THE MEASUREMENT OF BETA-PHENYLETHYLAMINE IN HUMAN PLASMA AND RAT-BRAIN

A sensitive and specific analytical method has been developed for the measurement of beta-phenylethylamine (PEA) in human plasma and rat brain extracts. The method involves solvent extraction of PEA with cycle-hexane in the presence of amphetamine or phenylpropylamine (PPA) as internal standards. Automated precolumn derivatization with o-phthalaldehyde and 2-mercaptoethanol followed by reverse-phase HPLC separated PEA and PPA from endogenous interferences. Detection and quantification were carried out by amperometric detection at +0.75 V relative to a Ag/AgCl reference electrode or by coulometric detection with analytical cell potentials set at +0.29 and +0.50 V. The limit of detection for PEA was 10 pg and the limit of quantification in plasma was 60 pg/ml.

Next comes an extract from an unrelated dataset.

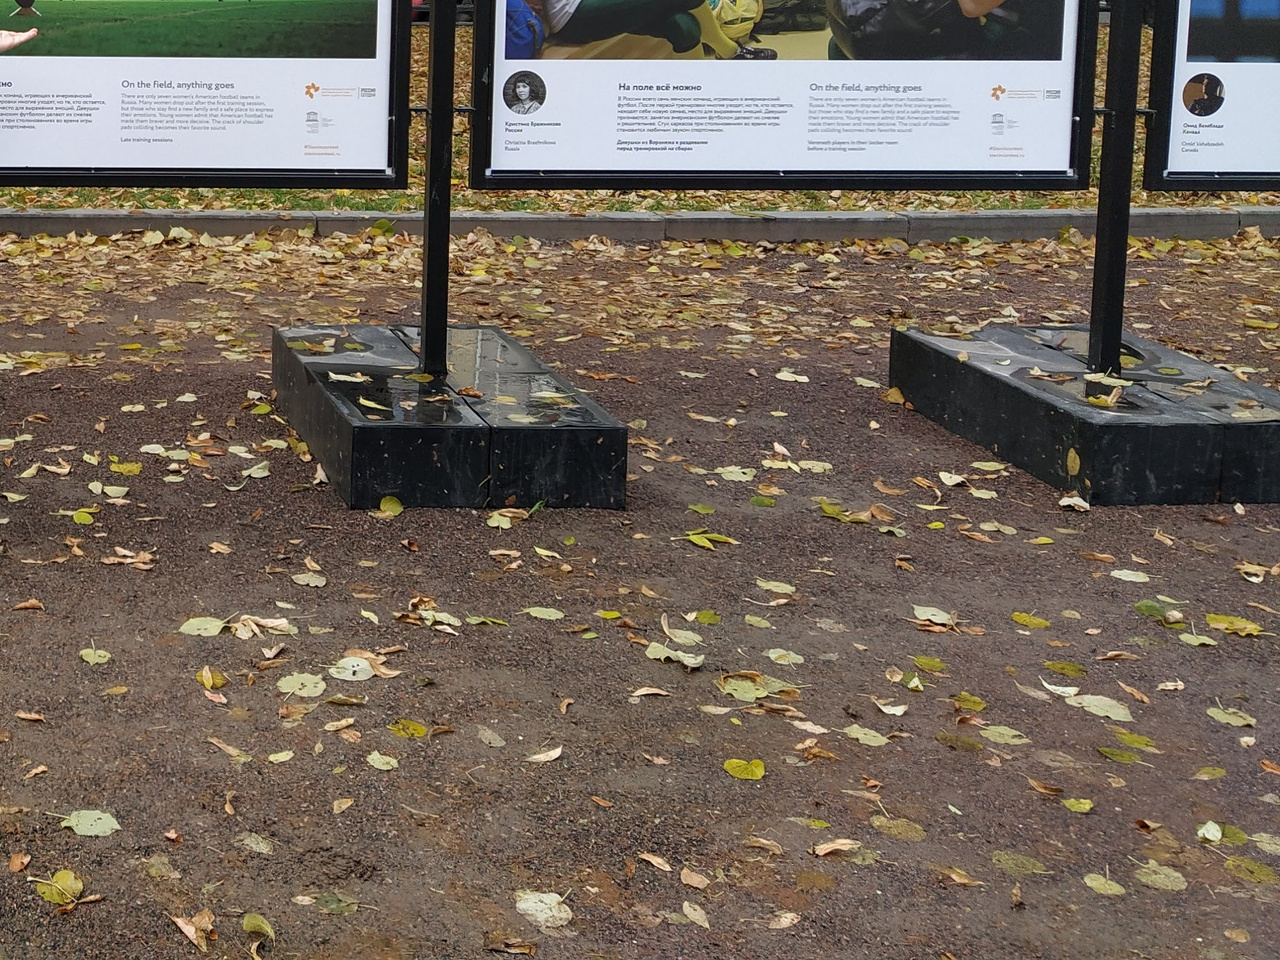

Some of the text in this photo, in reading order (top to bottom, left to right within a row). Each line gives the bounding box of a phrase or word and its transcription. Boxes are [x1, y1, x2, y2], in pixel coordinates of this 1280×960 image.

The within-day and day-to-day coefficients of variation were 16.1% (n = 3) and 40.6% (n = 8), respectively, at a plasma concentration of 154 pg/ml and 15.2% (n = 5) and 28% (n = 10) at a brain extract concentration of 110 pg/ml. Basal endogenous plasma PEA concentrations of 335 +/- 255 pg/ml (n = 12, range 127-1002 pg/ml) were found for normal volunteers and single, daily doses of 24 mg but not 12 mg of the MAO-B inhibitor, mofegiline, were shown to increase plasma PEA significantly. Basal whole brain and striatal concentrations were 0.584 +/- 0.243 ng/g wet wt (n = 3) and 2.89 +/- 1.03 ng/g wet wt (n = 4), respectively. Statistically significant increases (5.7-fold) in rat whole brain PEA concentrations were seen 3 and 6 h following the administration of a single dose of 0.3 mg/kg mofegiline to rats. (C) 1994 Academic Press,Inc.